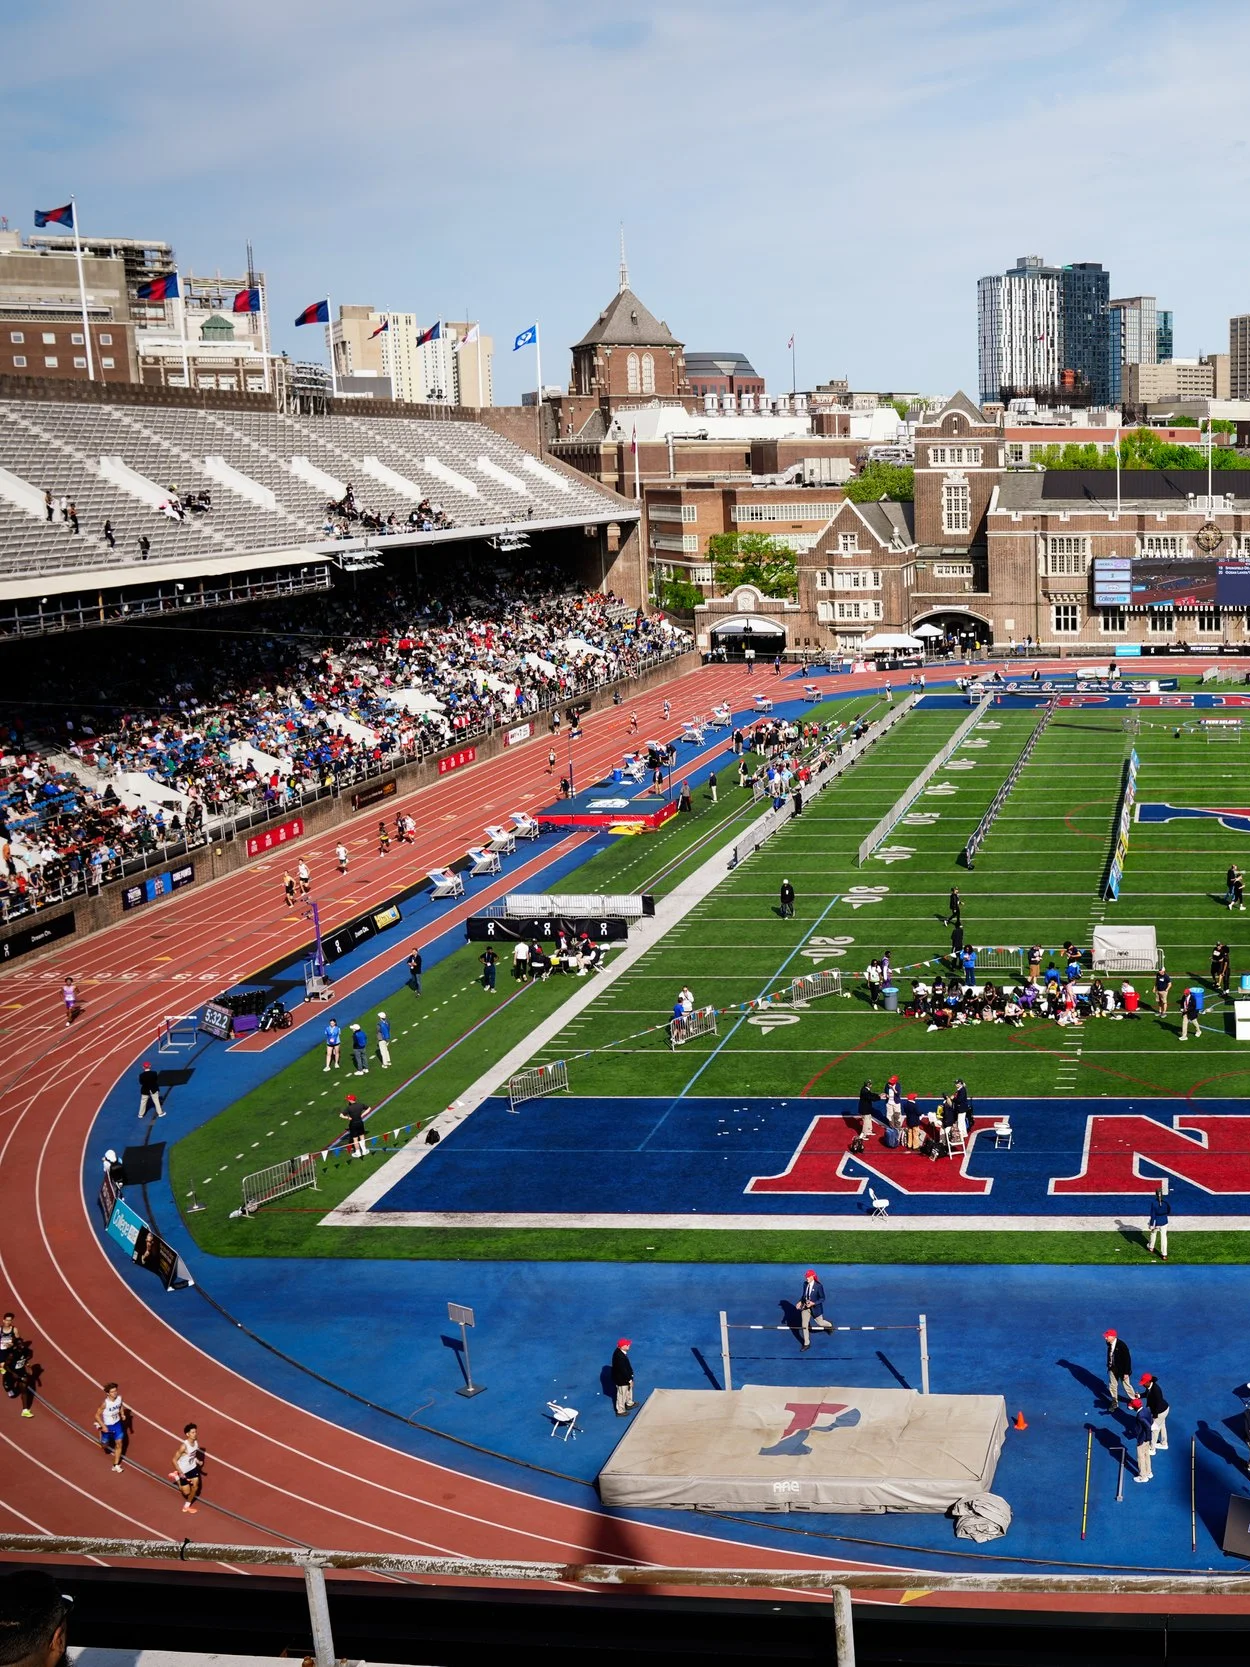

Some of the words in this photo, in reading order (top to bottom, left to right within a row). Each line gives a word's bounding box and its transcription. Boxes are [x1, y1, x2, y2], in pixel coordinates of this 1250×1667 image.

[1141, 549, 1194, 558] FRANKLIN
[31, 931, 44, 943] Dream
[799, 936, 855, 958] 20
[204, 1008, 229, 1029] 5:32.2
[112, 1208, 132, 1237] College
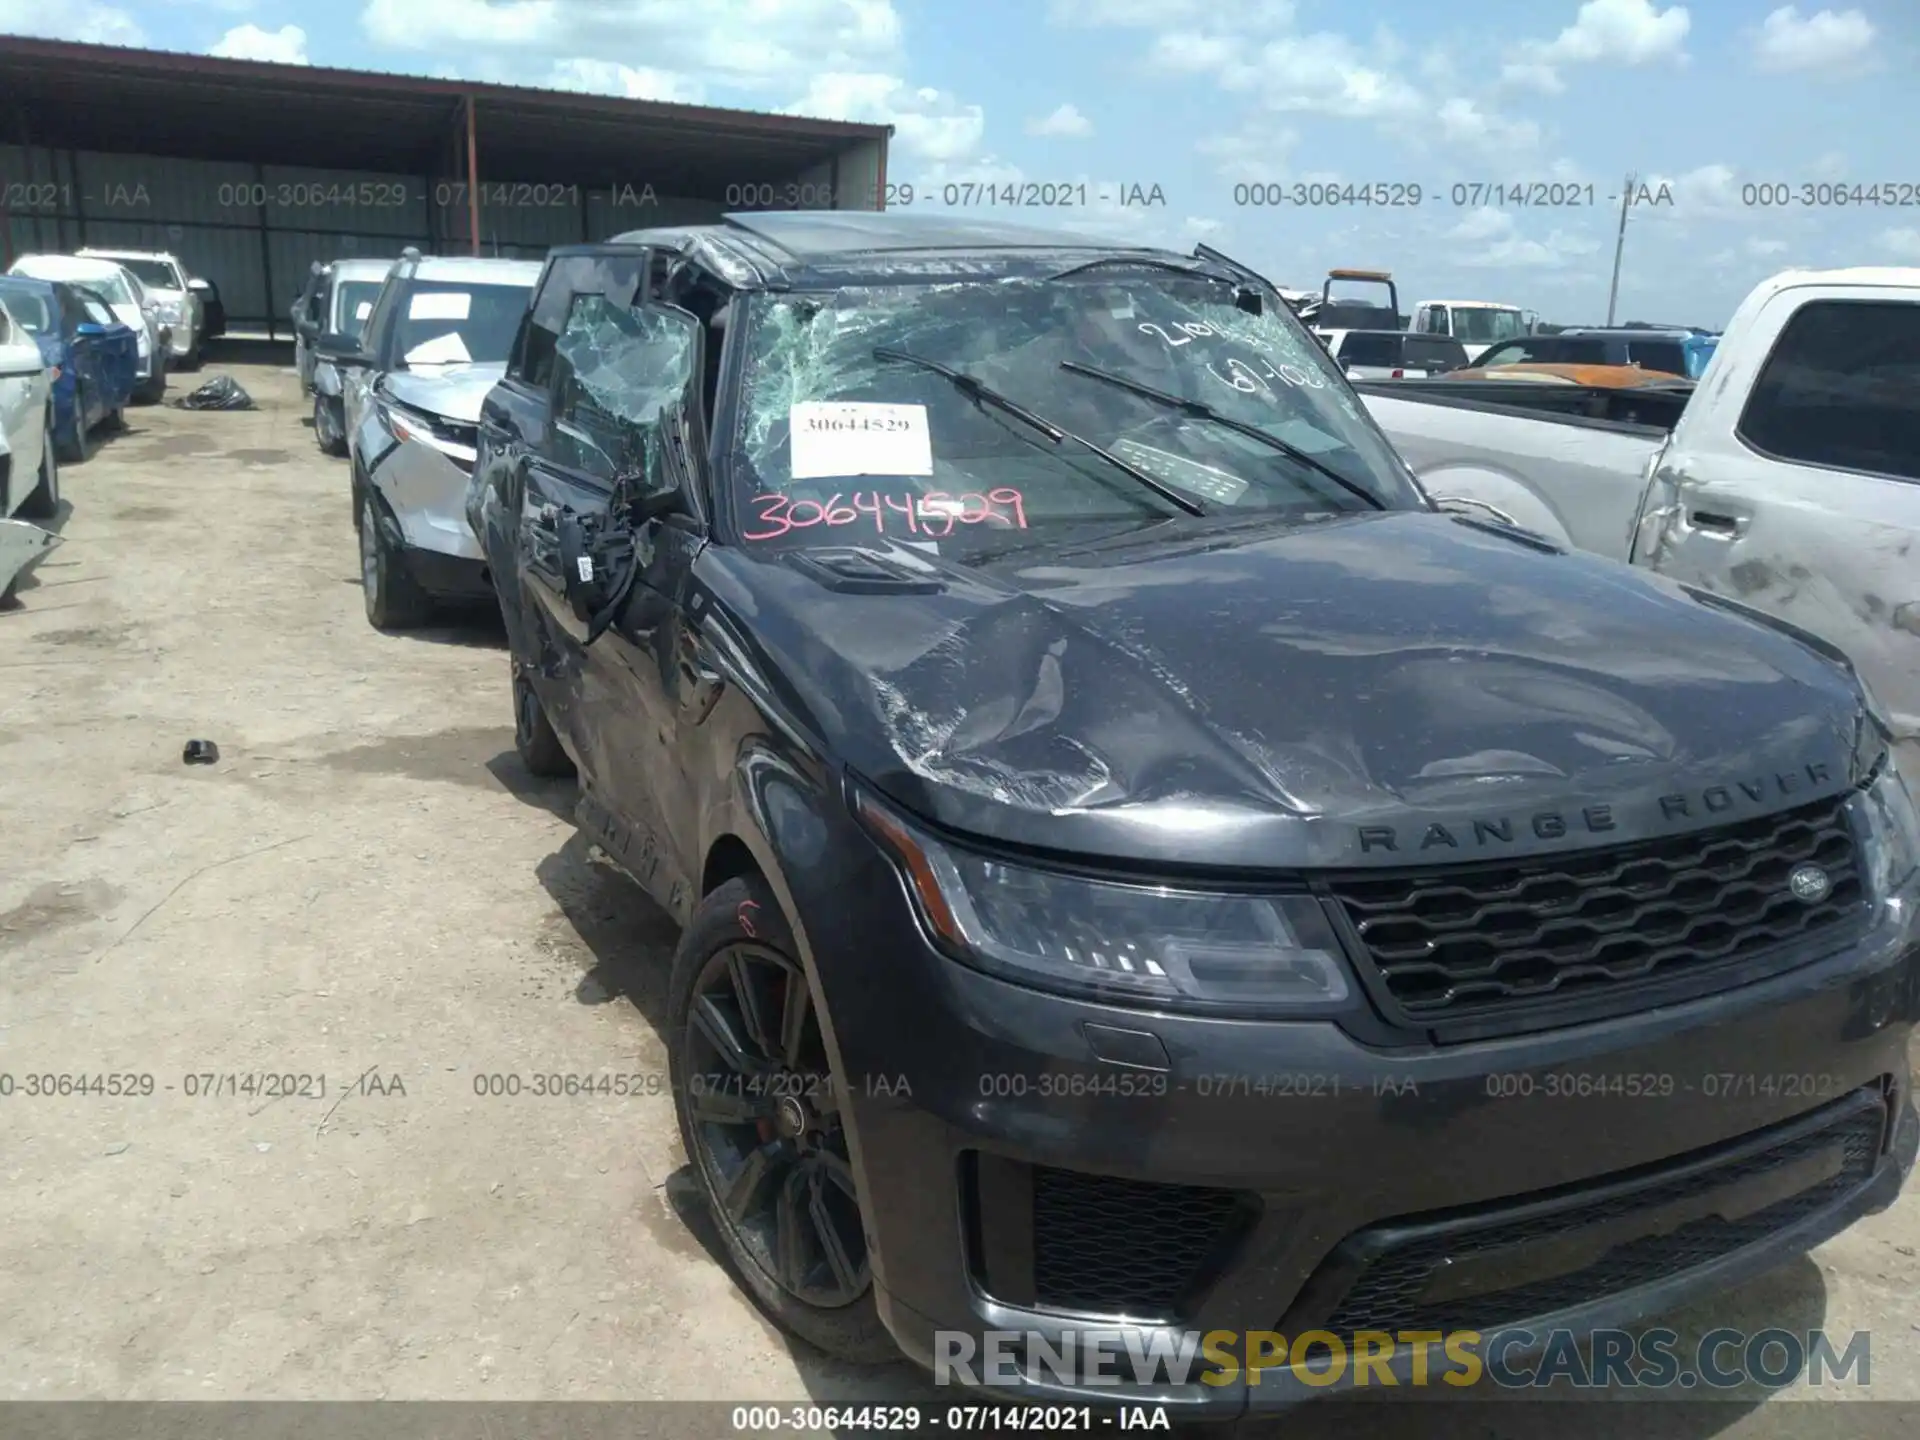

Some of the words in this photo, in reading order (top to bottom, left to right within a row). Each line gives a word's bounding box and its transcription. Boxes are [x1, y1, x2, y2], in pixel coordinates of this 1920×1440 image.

**REQUIRED WORK**
Write the listing out in full, exactly; no images.

**WRITTEN ANSWER**
Some of the words in this photo, in reading order (top to bottom, left to right within a row). Each line gives a word's bounding box and its transcription. Boxes are [x1, y1, x2, y2], in pixel coordinates of this 1250×1667 image.

[1141, 549, 1194, 558] FRANKLIN
[31, 931, 44, 943] Dream
[799, 936, 855, 958] 20
[204, 1008, 229, 1029] 5:32.2
[112, 1208, 132, 1237] College

Some of the words in this photo, in reading order (top to bottom, left to right within a row). Each line gives a word's bounding box and its transcription. Boxes are [x1, y1, x2, y2], in pixel coordinates of this 1920×1440 image.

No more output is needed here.